"Compared with" vs "Compared to"—which is used when?

From Strunk and White:

To compare to is to point out or imply resemblances between objects regarded as essentially of a different order;

To compare with is mainly to point out differences between objects regarded as essentially of the same order.

Thus, life has been compared to a pilgrimage, to a drama, to a battle; Congress may be compared with the British Parliament. Paris has been compared to ancient Athens; it may be compared with modern London.


Use "compared with" when you are looking for differences.

E.g. CEO’s now earn 419 times the pay of blue-collar workers, compared with 42 times their pay in the 1980's.

Use "compared to" when highlighting (or comparing) the similarities of one thing to another.

E.g. The human heart can be compared to a pump.


Bryan Garner, Garner's Modern American Usage, fourth edition (2016) provides what I take to be the current (and traditional) formal prescriptivist view among U.S. usage authorities of when to use compered with and when to use compared to:

compare with; compare to. The usual phrase has for centuries been compare with, which means "to place side by side, noting differences and similarities between" {let us compare his goals with his actual accomplishments}. Compare to = to observe or point only to likenesses between {he compared her eyes to limpid pools}.

But one of the most familiar "comparisons to" in English literature, Shakespeare's Sonnet XVIII, appears to flout that supposed rule in the first two lines:

Shall I compare thee to a summer's day?

Thou art more lovely and more temperate:

If we take Garner's rule at face value, Shakespeare, since he wasn't merely saying "You are like a summer's day," should have said

Shall I compare thee with a summer's day?

He puts the day and the beloved side by side and promptly concludes that the beloved is more lovely and more temperate. Those, in a nutshell, are Garner's conditions precedent for using compare with. And Shakespeare can't argue that "The meter made me do it," because with is just as unstressed as to. Either Shakespeare bricked his choice of preposition or this centuries-old rule is less honored in the real world than Garner and others would have us believe.

There is a third possibility, though: In line 1 of the sonnet, Shakespeare may be using compare to in its approved sense of "liken"—in effect saying, in the first two lines, "Shall I liken you to a summer's day? Nah, you're better than a summer's day." But this interpretation takes us only so far: by saying in line 2 that his beloved is more lovely and more temperate than (that is, different from) a summer's day, Shakespeare is unmistakably comparing the beloved with the summer's day, according to Garner's guidelines for distinguishing between compared with and compared to.

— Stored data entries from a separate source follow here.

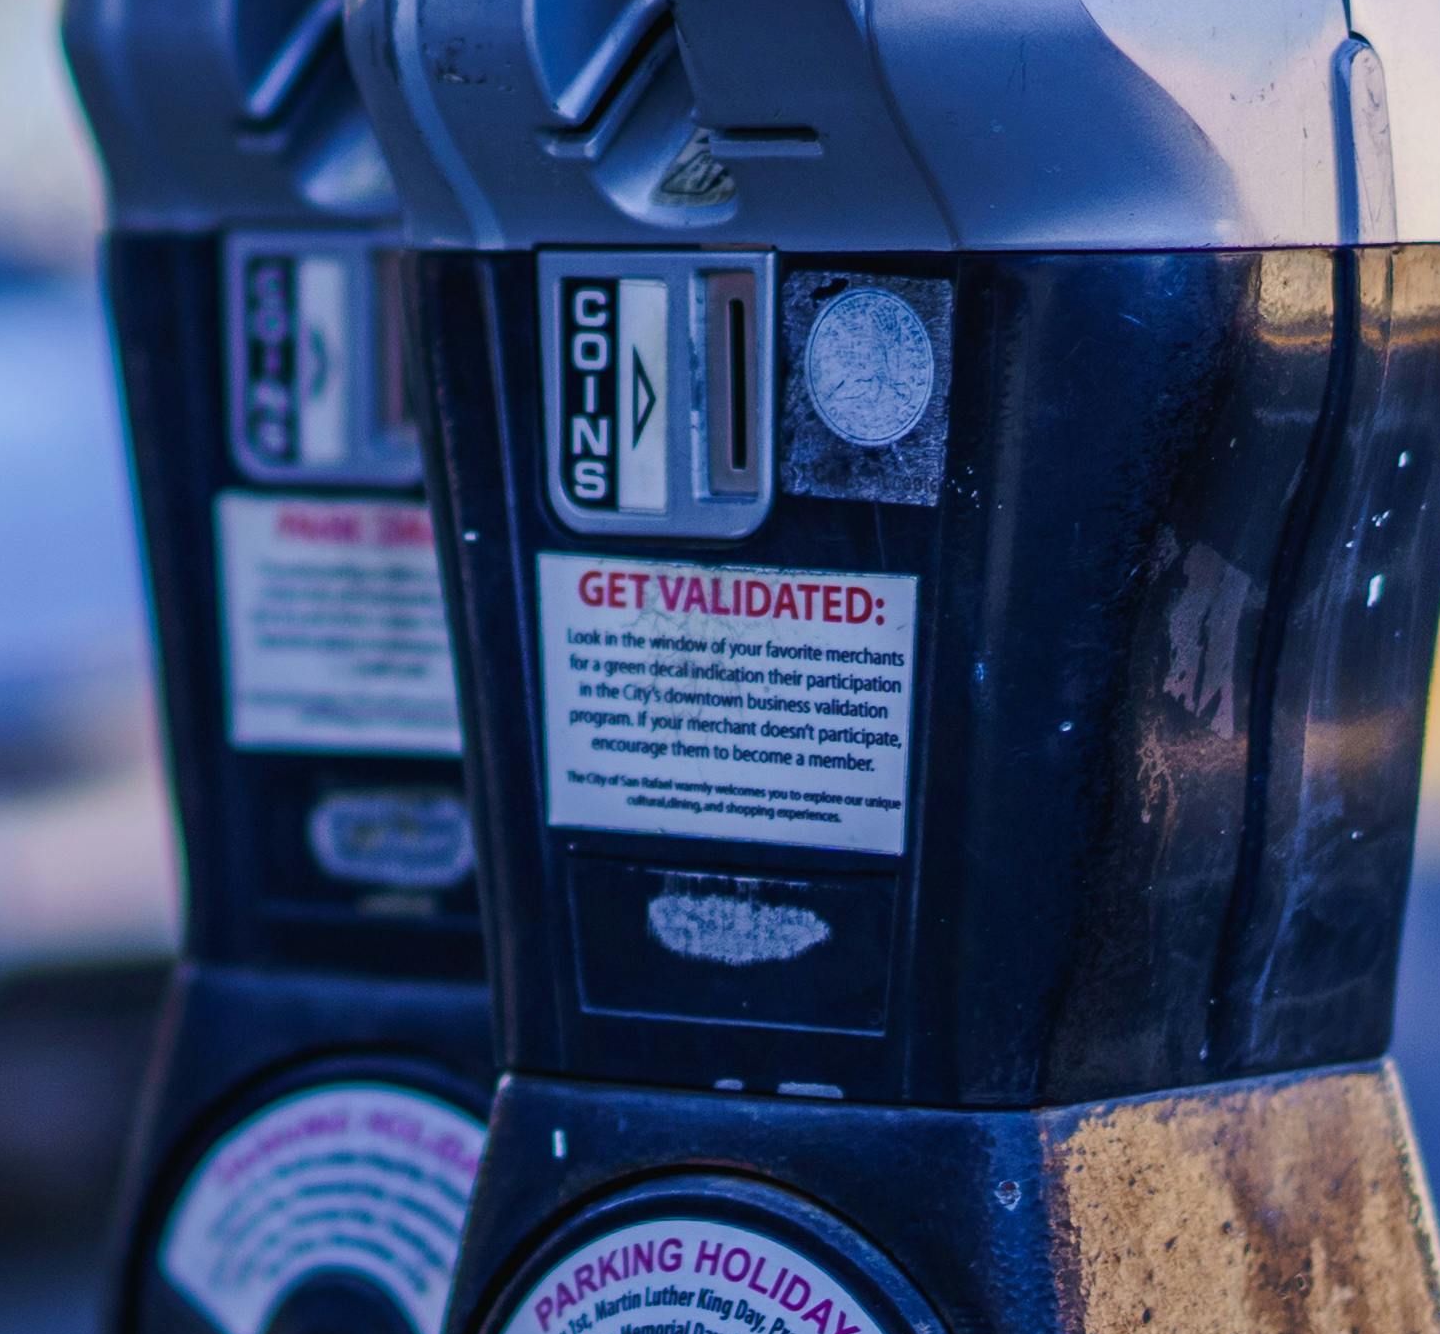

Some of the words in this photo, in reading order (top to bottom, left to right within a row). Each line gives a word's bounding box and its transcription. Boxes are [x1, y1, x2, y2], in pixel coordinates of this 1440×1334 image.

[573, 289, 609, 500] COINS
[579, 570, 650, 609] GET
[657, 575, 885, 626] VALIDATED:
[568, 628, 600, 646] Look
[605, 631, 618, 647] in
[622, 631, 646, 649] the
[650, 635, 708, 653] window
[711, 638, 727, 655] of
[729, 642, 762, 659] your
[766, 640, 823, 662] favorite
[826, 647, 905, 667] merchants
[570, 653, 590, 671] for
[593, 658, 601, 671] a
[605, 658, 646, 677] green
[650, 660, 688, 678] decal
[692, 663, 764, 683] indication
[768, 668, 802, 686] their
[807, 671, 902, 694] participation
[580, 680, 593, 698] in
[596, 682, 620, 700] the
[664, 687, 743, 708] downtown
[747, 693, 811, 714] business
[814, 699, 888, 719] validation
[570, 709, 634, 729] program.
[638, 711, 648, 727] If
[650, 715, 684, 733] your
[687, 717, 756, 736] merchant
[760, 720, 815, 741] doesn't
[818, 727, 902, 749] participate,
[591, 737, 668, 759] encourage
[672, 740, 710, 759] them
[714, 744, 730, 761] to
[733, 745, 793, 765] become
[796, 753, 805, 766] a
[809, 753, 875, 772] member.
[567, 770, 585, 784] The
[586, 772, 607, 787] City
[608, 773, 620, 786] of
[621, 775, 639, 788] San
[641, 777, 673, 790] Rafael
[675, 781, 713, 796] warmly
[714, 783, 766, 799] welcomes
[768, 787, 788, 801] you
[790, 789, 801, 801] to
[803, 791, 843, 805] explore
[844, 794, 863, 806] our
[865, 798, 901, 812] unique
[726, 803, 775, 820] shopping
[776, 809, 842, 824] experiences.
[534, 1238, 683, 1333] PARKING
[594, 1290, 642, 1321] Martin
[645, 1284, 695, 1307] Luther
[696, 1287, 734, 1321] King
[734, 1299, 766, 1334] Day,
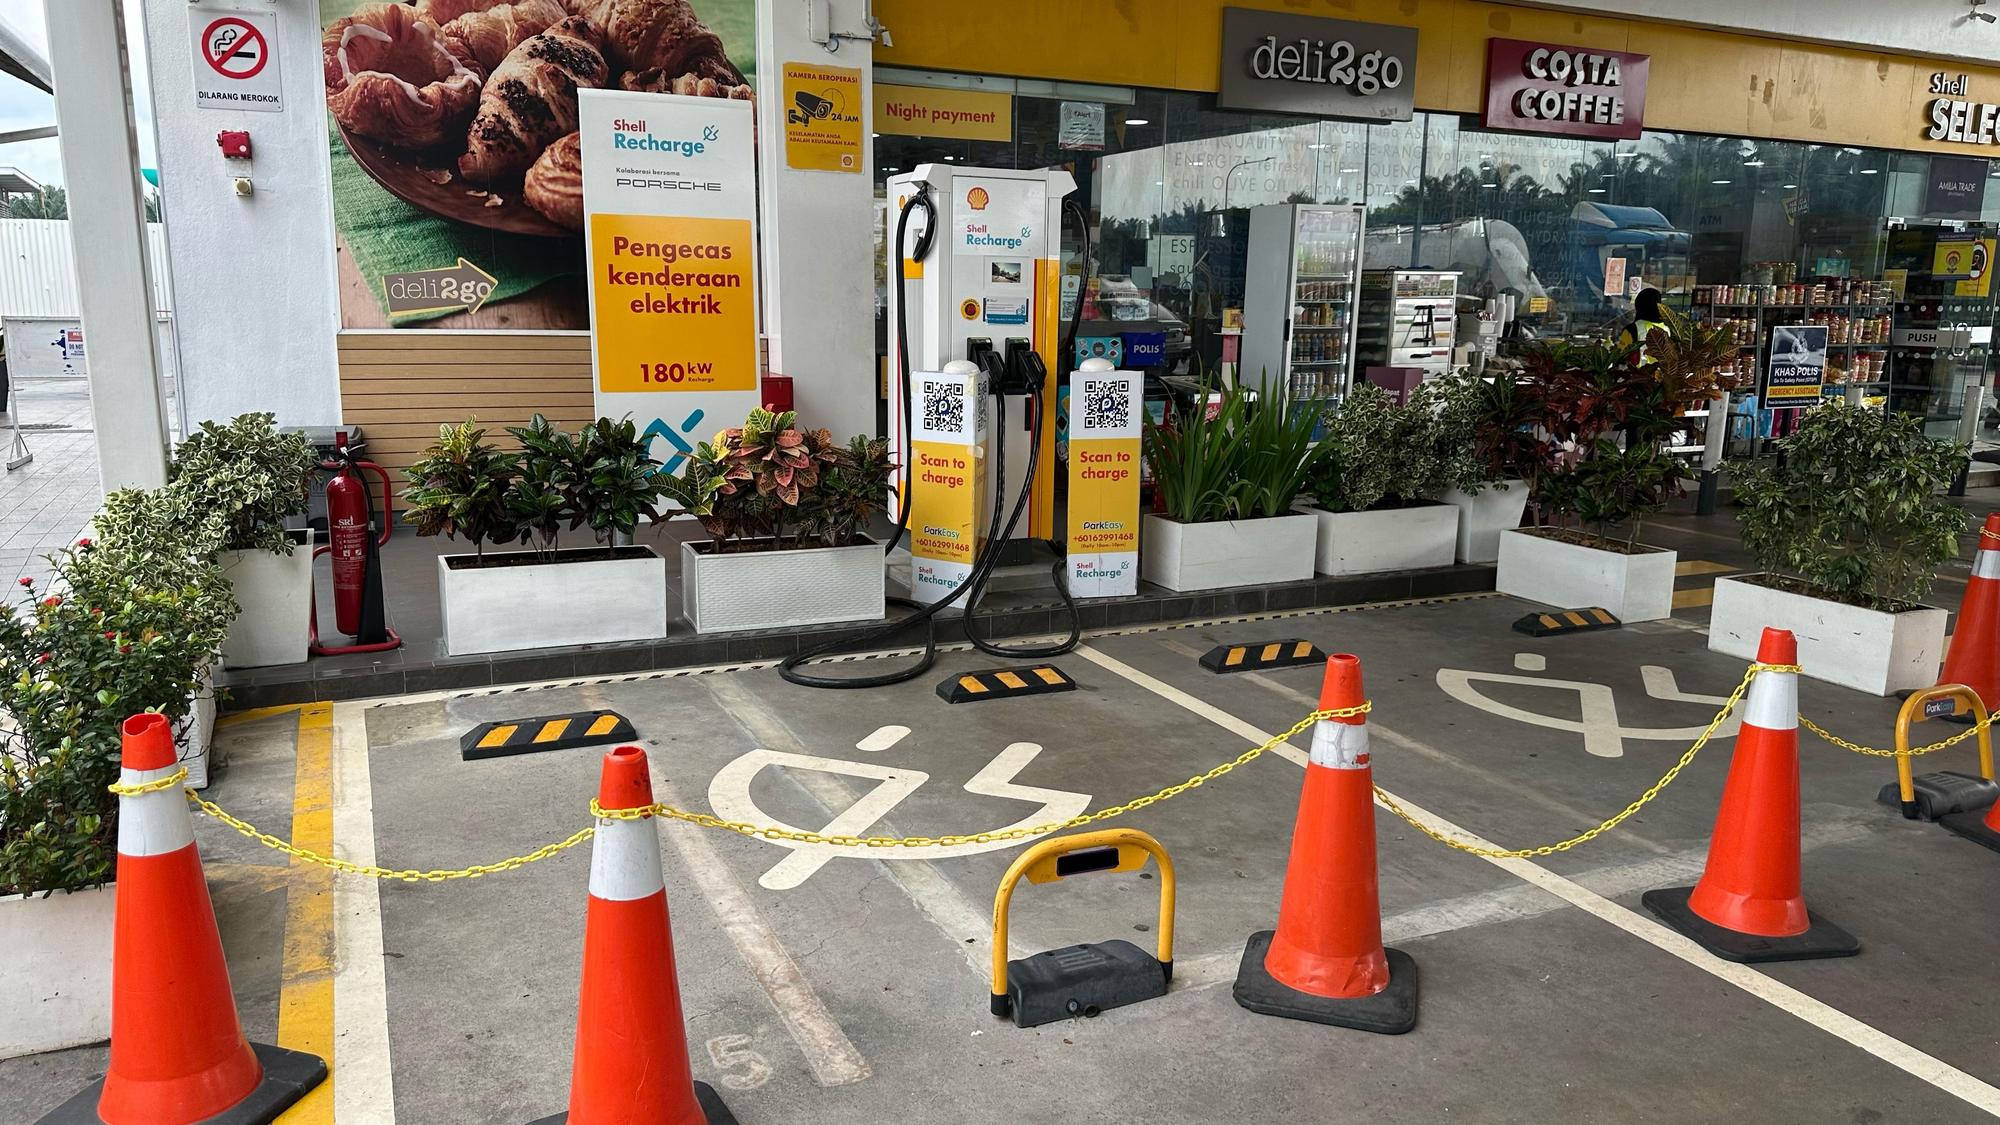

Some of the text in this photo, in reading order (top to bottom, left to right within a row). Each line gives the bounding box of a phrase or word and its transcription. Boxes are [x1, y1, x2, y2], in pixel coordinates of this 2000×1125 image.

An Ngram chart of "compared to" (blue line) versus "compared with" (red line) versus "in comparison to" (green line) versus "in comparison with" (yellow line) shows considerable change in the phrases' relative frequency of use in published writing since 1920:

The lines in the graph show compared with breaking away from compared to in frequency of use around 1760 and then steadily increasing its advantage until about 1920; then compared to begins a very brisk ascent in frequency that catches up to compared with (which has been in something of a decline since about 1960) around 1980, and continues to put distance between it and its rival over the next 25 years. Meanwhile, in comparison with opens a small but consistent lead over in comparison to by 1800 and for the next 140 years increases the advantage. But around 1940 the two lines begin converging, and at about the turn of the millennium they meet.

The line graphs in the Ngram chart suggest either that people now use compared to in the sense of "liken" far more often than they did a century ago or that the rule specifying when to use compared with and when to use compared to is fading from actual usage in published content. I think that the second explanation for the change in the Ngram data is far more likely than the first to be true.

It is certainly possible that the preference for compared to in instances in which the meaning is "likened" remains fairly strong, although there is no easy way to confirm this possibility. But the preference for compared with in instances in which the meaning is "examined side by side" seems to be in decline. The confluence in frequency of "in comparison with" and "in comparison to" (also shown in the Ngram chart above) offers some circumstantial weight to this hypothesis, since "in comparison to" seems never to have had a "liken" sense, as "compared to" sometimes does.

I expect the trend away from observing and enforcing the traditional compared with/compared to distinction in connection with the meaning "examined side by side" to become even more general as the involvement of copy editors in the publishing process continues to diminish.


We compare with when we are going to look for differences...My English is better compared with it was in 2013...that is,I can see a difference in my English....

We compare to when we see similarities... Rio De Janeiro City is compared to California... This sentence means that we can find some similarities between Rio De Janeiro and California.